Парнишечка жил один, Вася-Василек. Сирота круглый. А фамилии доброй, знаменитой мастеровыми-умельцами. Минуло Васе-Васильку лет четырнадцать, собрал он свои пожитки, инструмент немудрящий в котомку уложил. Думает:
«Родитель мой кое-чему обучил меня. Только в руках еще крепости нет. Пойду-ка я по людям, присмотрюсь. Может, и определюсь к мастеру доброму».
Отправился в путь-дорогу. Добрался до лесного поселка, где дед Куделька жил. Зашел в крайнюю избу и попал к Верхушке.

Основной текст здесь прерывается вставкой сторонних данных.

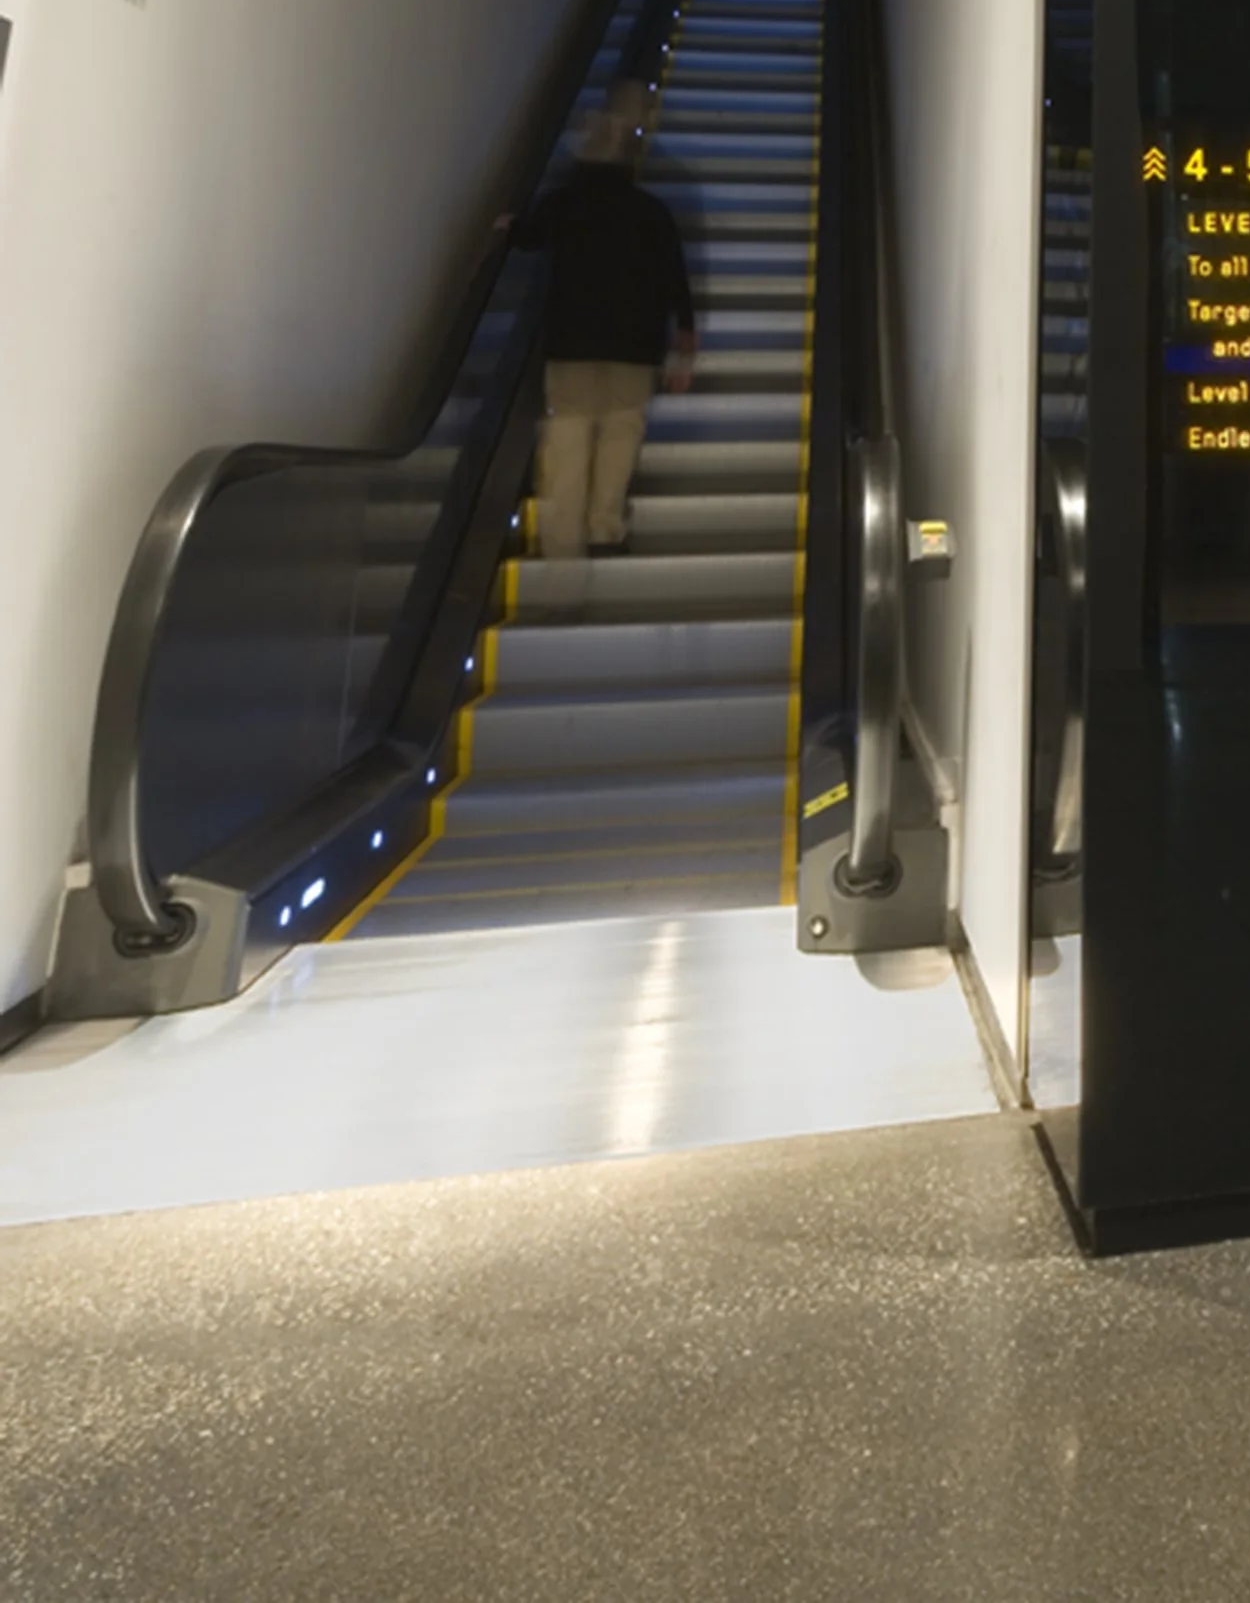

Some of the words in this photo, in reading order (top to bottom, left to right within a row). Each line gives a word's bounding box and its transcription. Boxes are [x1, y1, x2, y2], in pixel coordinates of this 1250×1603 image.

Тот одно время к гранильщикам прибился, заучил словечек несколько. Так и сыплет — топазы, рубины, бериллы, турмалины. Напустил туманцу словесного. Мастера, которые помоложе, удивлялись даже — зря, мол, Верхушку-то в дураках держали. А гранильщики опытные и говорят:
— Слушай ты его! Попусту языком чешет. Такому не добрый камень переводить, а булыжники обтесывать.

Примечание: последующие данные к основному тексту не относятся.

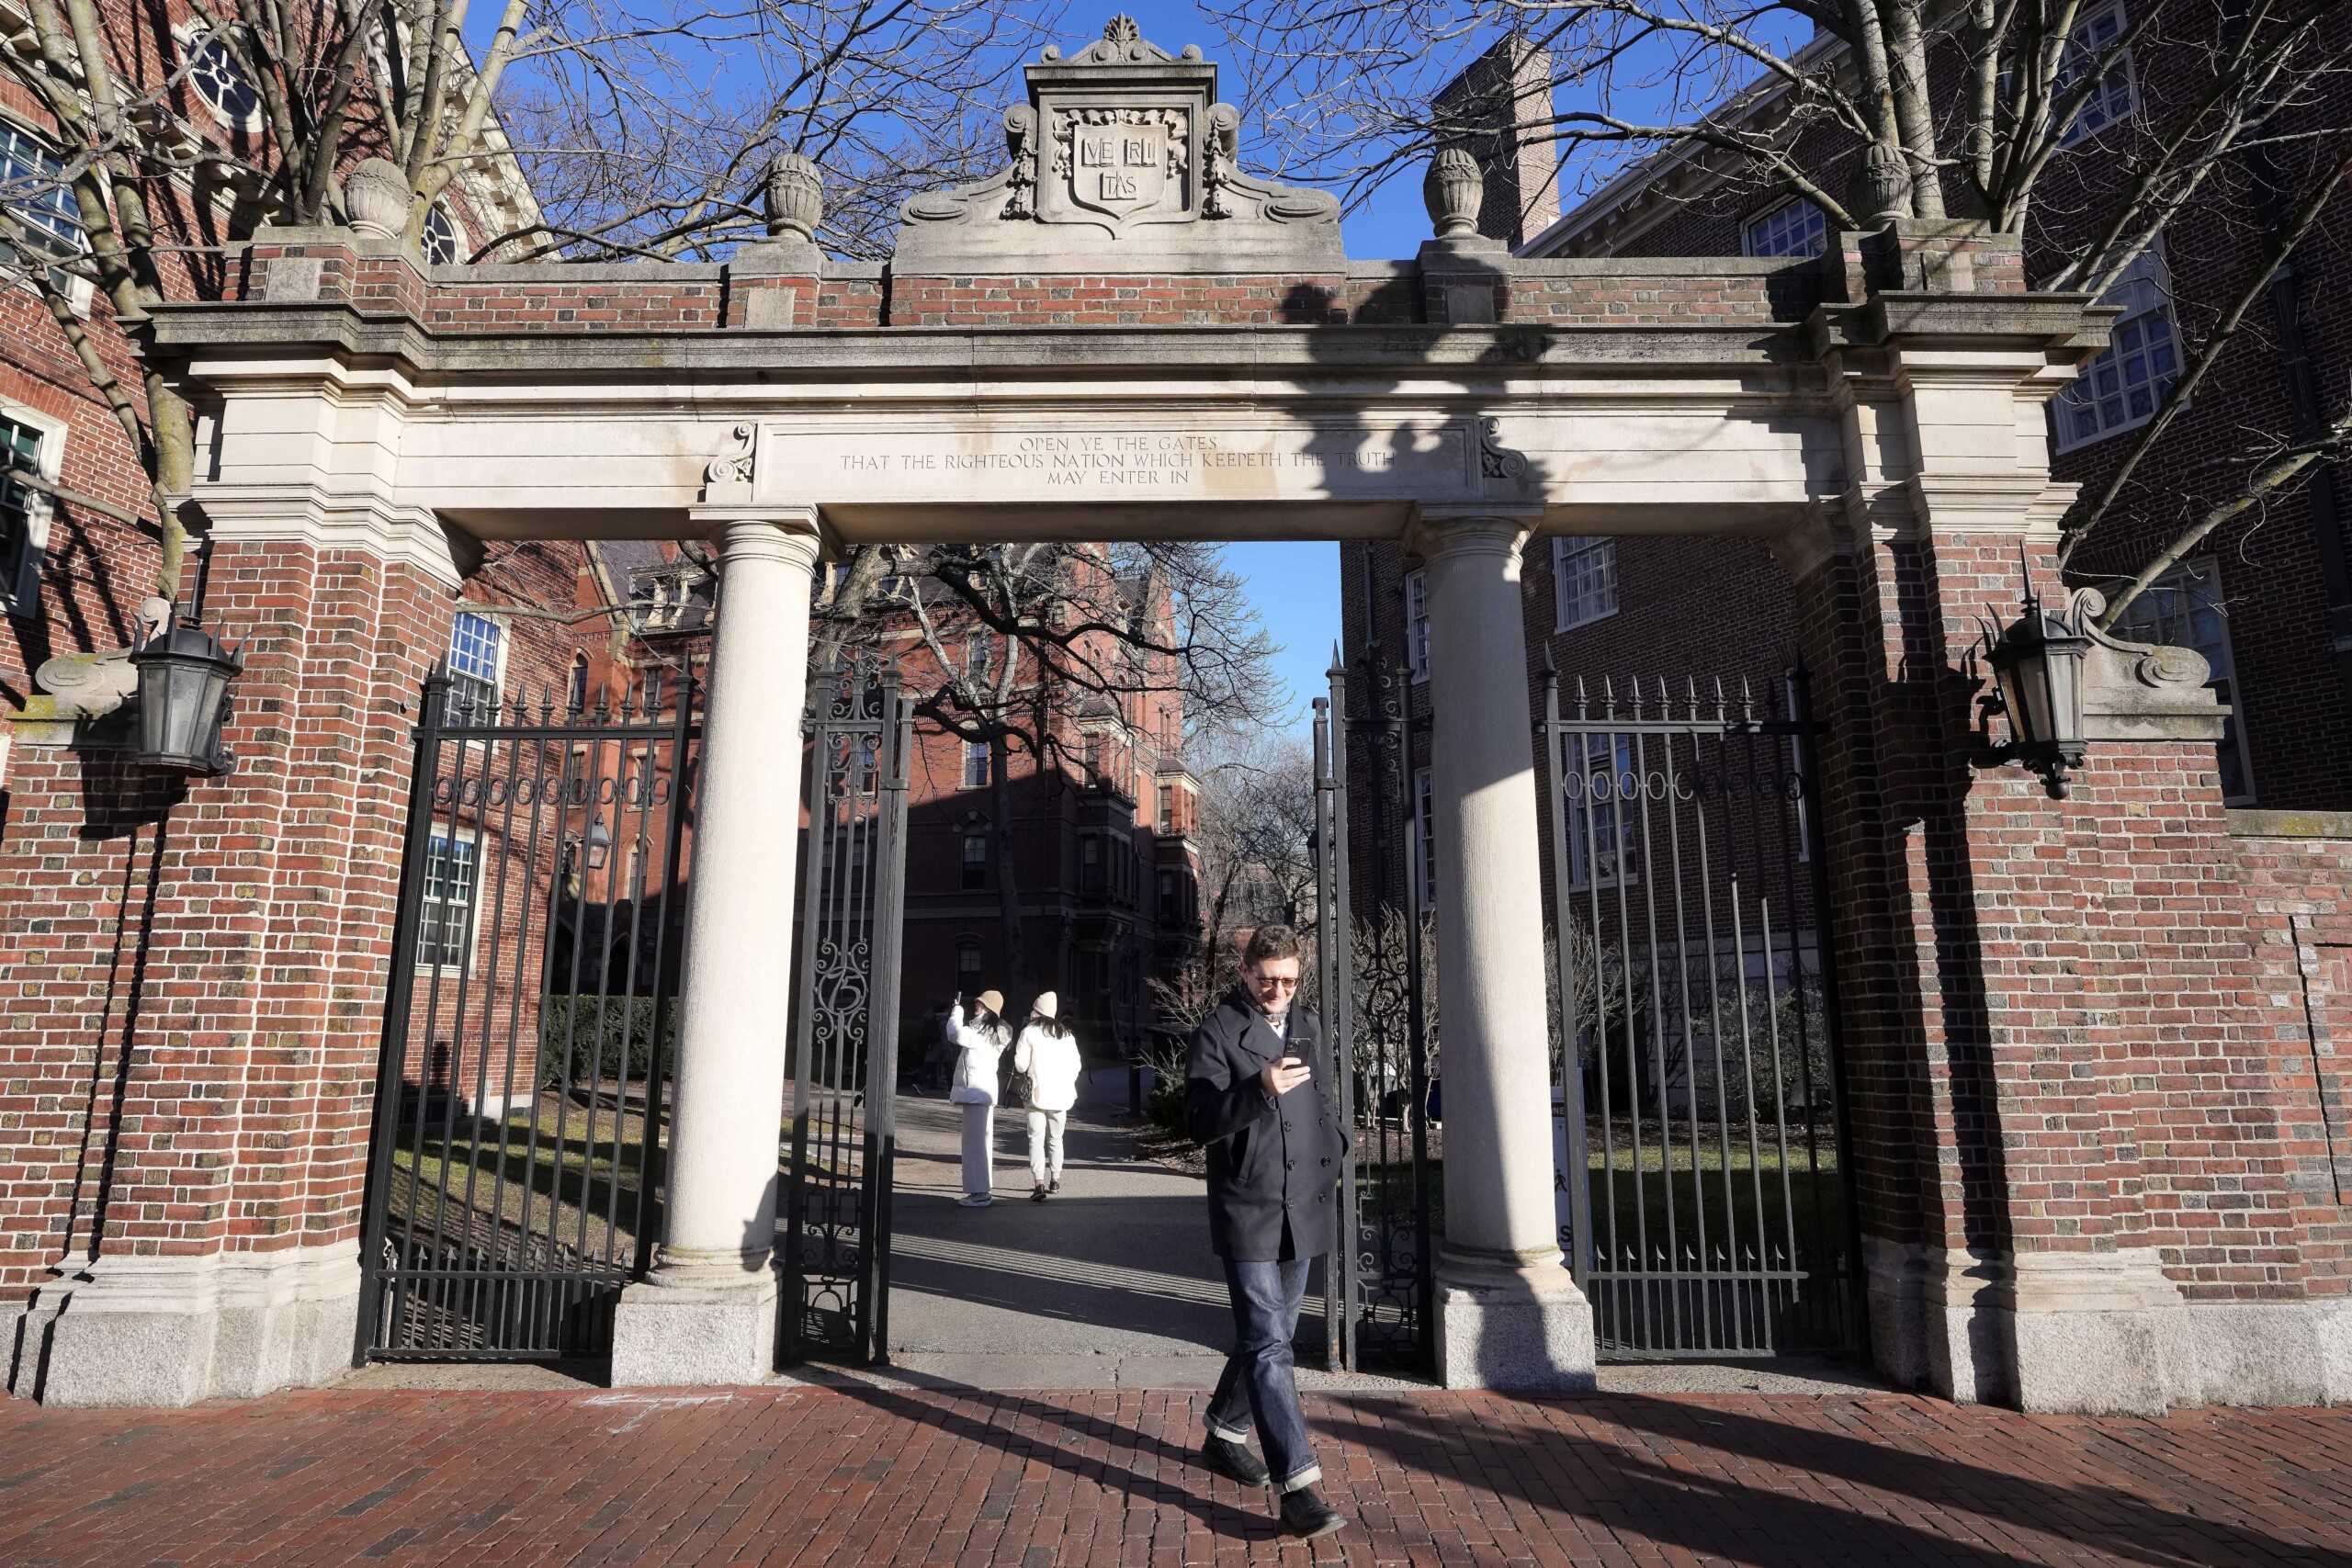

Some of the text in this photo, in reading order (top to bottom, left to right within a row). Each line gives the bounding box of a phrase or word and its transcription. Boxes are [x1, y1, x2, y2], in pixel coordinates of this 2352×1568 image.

[1105, 175, 1136, 195] TAS
[1020, 436, 1217, 451] OPEN YE THE GATES
[841, 451, 1396, 470] THAT THE RIGHTEOUS NATION WHICH KEEPETH THE TRUTH
[1047, 470, 1189, 485] MAY ENTER IN

Тогда и объявил себя Верхушка часовых дел мастером. Да только наука эта точная, а Верхушка в тонкость ремесла вникнуть не удосужился. За часы, им сделанные, его такими прозвищами наградили, что и сказать-то вслух совестно.
Иные прямо в глаза говорили:
— Часовых дел мастеру Косоруку Полоротовичу наш поклон с кисточкой!
Шапку сдернут с головы и допытываются:
— А который час на ваших серебряных? Поди, опять вчерашний день показывают?
Вот к нему-то, к Верхушке, и попросился переночевать Василек, да и рассказал о своем житье-бытье.
Верхушка и говорит:
— Повезло тебе, малец. Я и есть первеющий в округе мастер. Возьму тебя на пробу. Может, и толк выйдет.
А сам думает:
«Парнишка фамилии доброй, знаменитой. Силы своей не понимает. За кусок любое сделает».
Крякнул и важно:
— В убыток себе, да ладно. Беру в ученики. Кое-какой работенкой отплатишь.
Согласился Вася-Василек.
Да смекнул-то быстро, что у Верхушки учиться нечему: сам мастер инструмент в руки толком взять не может.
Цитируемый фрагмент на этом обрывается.